March 16th, 2011 by depesz | Tags: , , , , , | 10 comments »
Did it help? If yes - maybe you can help me? Donate BTC to 19zPa5diT2LZqGtTi8f8bfApLn8rw9zBHx

On 25th of February, Tom Lane committed patch:

Support data-modifying commands (INSERT/UPDATE/DELETE) in WITH.
 
This patch implements data-modifying WITH queries according to the
semantics that the updates all happen with the same command counter value,
and in an unspecified order. Therefore one WITH clause can't see the
effects of another, nor can the outer query see the effects other than
through the RETURNING values. And attempts to do conflicting updates will
have unpredictable results. We'll need to document all that.
 
This commit just fixes the code; documentation updates are waiting on
author.
 
Marko Tiikkaja and Hitoshi Harada

Ever since we got 8.2, we have this brilliant thing called “RETURNING", which lets you get back information from queries that modify data (delete/update/insert).

For example you could:

DELETE FROM table WHERE status = 'inactive' RETURNING *;

And then use returned values for example to backup them.
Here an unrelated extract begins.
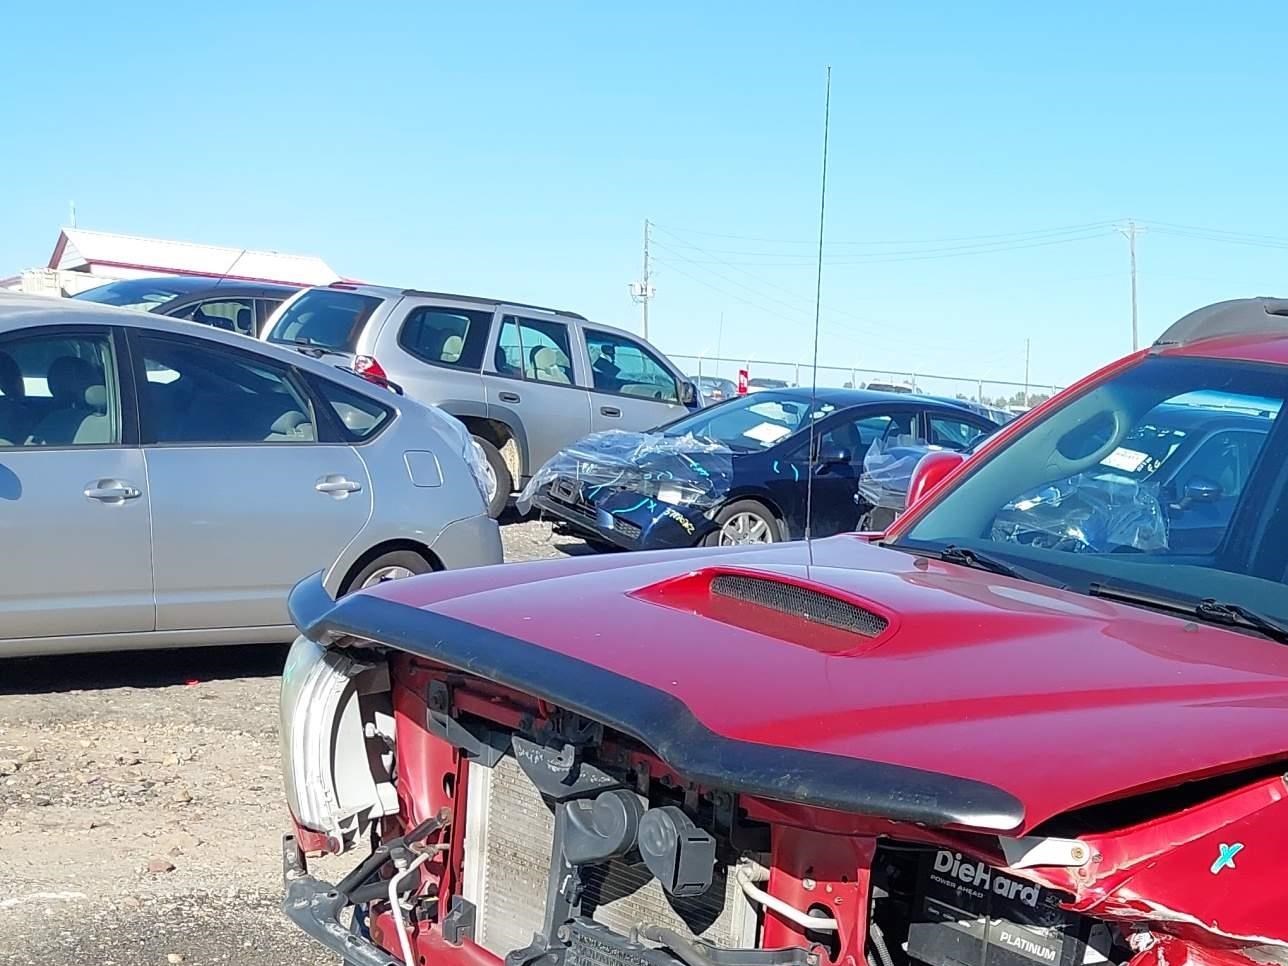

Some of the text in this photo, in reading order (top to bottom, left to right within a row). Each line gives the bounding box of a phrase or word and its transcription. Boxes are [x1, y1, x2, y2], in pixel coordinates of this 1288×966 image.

[930, 874, 984, 899] POWER AHEAD
[933, 850, 1041, 908] DieHard
[1000, 931, 1056, 961] PLATINUM
One thing that wasn't possible, was to use the values in some other query.

But now, thanks to wCTE it's possible. Finally. And you can, for example do things like:

WITH deleted_posts AS (
DELETE FROM posts
WHERE created < now() - '6 months'::INTERVAL
RETURNING *
)
SELECT user_id, count(*) FROM deleted_posts group BY 1;

Which would delete all posts older that 6 months, and show list of affected users, with count of removed posts.

Great thing is that you can use the CTE for next insert/update/delete – for example like this:

WITH deleted_posts AS (
DELETE FROM posts
WHERE created < now() - '6 months'::INTERVAL
RETURNING *
), deleted_per_user as (
SELECT user_id, count(*)
FROM deleted_posts
GROUP BY 1
)
UPDATE counts
SET posts_count = posts_count - d.count
FROM deleted_per_user d
WHERE d.user_id = counts.user_id;

Which does the delete, generates summary of deleted posts per user, and updates
additional table, using single query – and not single query for every user, or
single query for every deleted post (like it would happen with triggers).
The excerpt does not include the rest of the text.